23 Nigerians deported from UK

 

Just a day after activists prevented a plane carrying dozens of Ghanaian and Nigerian would-be expellees from taking off at London’s Stansted Airport, 23 Nigerians were deported from the United Kingdom on Friday.

The all male deportees, who were sent back to their home country for various immigration offences, arrived at the Lagos Murtala Muhammed International Airport at about 6 am in a chartered aircraft, according to news reports.

The deportees were received by officers of the Nigeria Immigration Service, the National Agency for the Prohibition of Trafficking in Persons and the Police.

Also on ground to receive them were officials of the Federal Airports Authority of Nigeria.

The deportees were profiled by immigration authorities before they were allowed to leave for their respective destinations.

The British government had on 1 February deported 41 Nigerians from the country for similar reasons. 

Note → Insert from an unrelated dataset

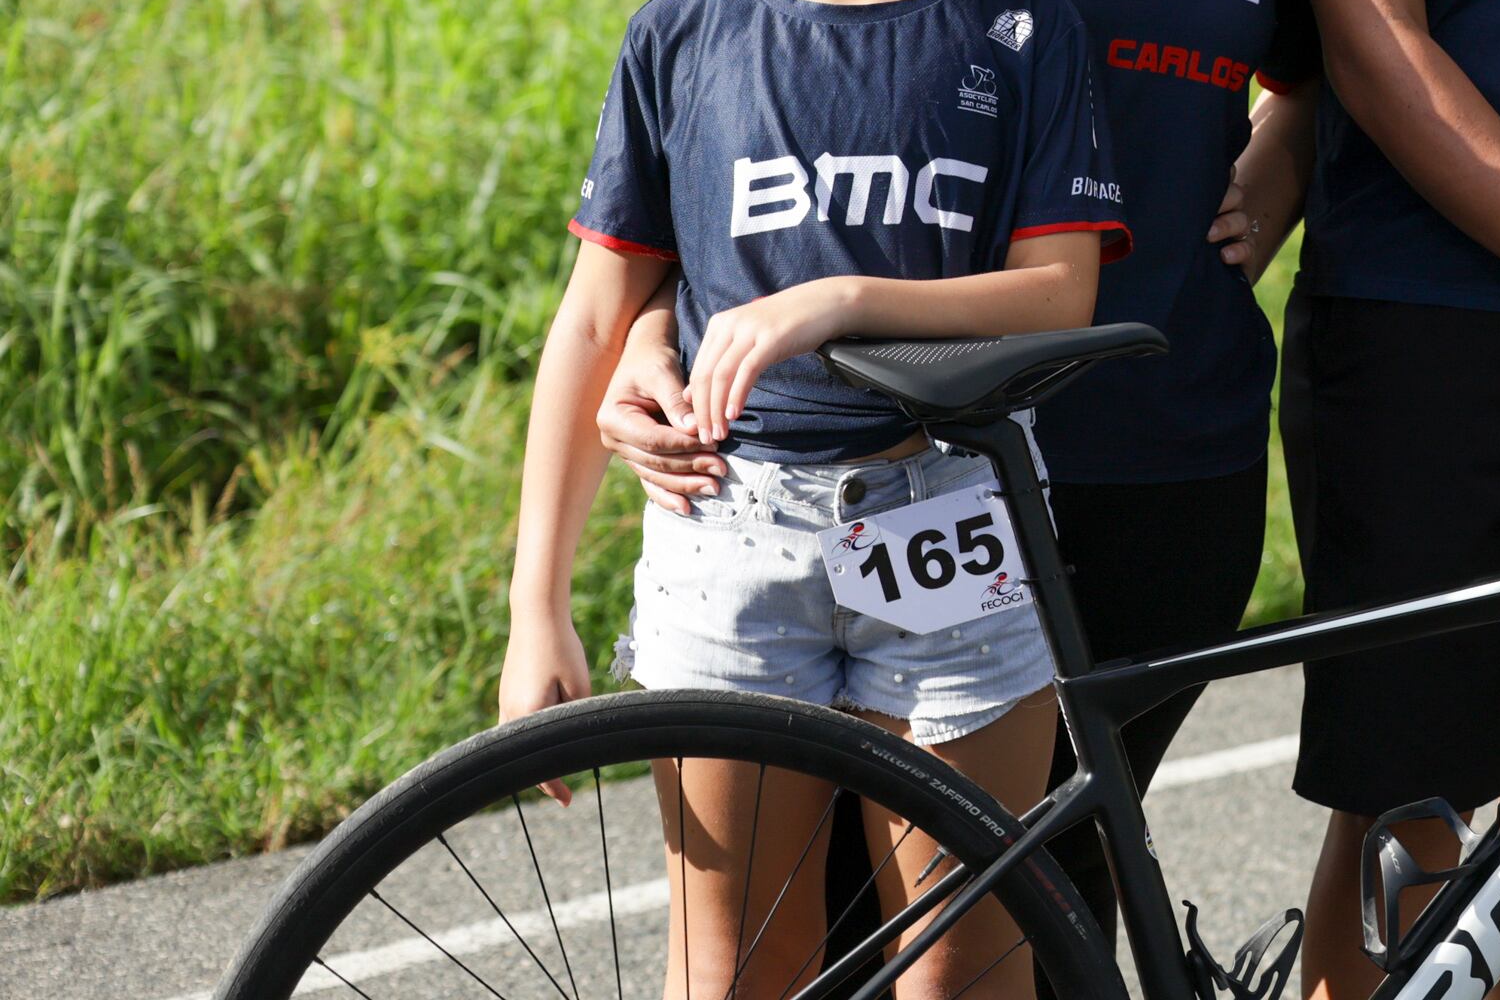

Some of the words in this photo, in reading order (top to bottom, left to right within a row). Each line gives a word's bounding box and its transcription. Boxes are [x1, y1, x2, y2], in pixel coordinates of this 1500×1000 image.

Meanwhile, migrant support groups have accused the UK Home Office of employing coercion in its drive for “illegal” migrants and those refused asylum to return home voluntarily – a tactic publicised as more cost-effective and “humane” than forced returns.

Since the UK is the only EU country with no time limit on immigration detention, migrants could be held for many months. Detained persons often opt to be deported as they do not know how long they would be held, a situation that activists claim could not be described as voluntary return.

Since the UK voted to exit the EU, the country has renewed its efforts to deport rejected asylum-seekers and those who have no legal right to be in the country.